**Task objective:** The records below are to be reproduced word for word.

Data entries
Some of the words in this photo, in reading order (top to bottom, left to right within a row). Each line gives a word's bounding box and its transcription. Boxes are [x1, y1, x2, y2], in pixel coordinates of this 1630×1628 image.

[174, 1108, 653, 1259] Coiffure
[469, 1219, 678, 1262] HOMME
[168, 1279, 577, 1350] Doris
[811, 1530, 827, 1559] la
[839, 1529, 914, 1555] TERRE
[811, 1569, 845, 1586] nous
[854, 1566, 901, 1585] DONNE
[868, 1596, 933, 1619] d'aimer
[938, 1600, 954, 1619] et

**Answer for the task:**
Some of the words in this photo, in reading order (top to bottom, left to right within a row). Each line gives a word's bounding box and its transcription. Boxes are [x1, y1, x2, y2], in pixel coordinates of this 1630×1628 image.

[174, 1108, 653, 1259] Coiffure
[469, 1219, 678, 1262] HOMME
[168, 1279, 577, 1350] Doris
[811, 1530, 827, 1559] la
[839, 1529, 914, 1555] TERRE
[811, 1569, 845, 1586] nous
[854, 1566, 901, 1585] DONNE
[868, 1596, 933, 1619] d'aimer
[938, 1600, 954, 1619] et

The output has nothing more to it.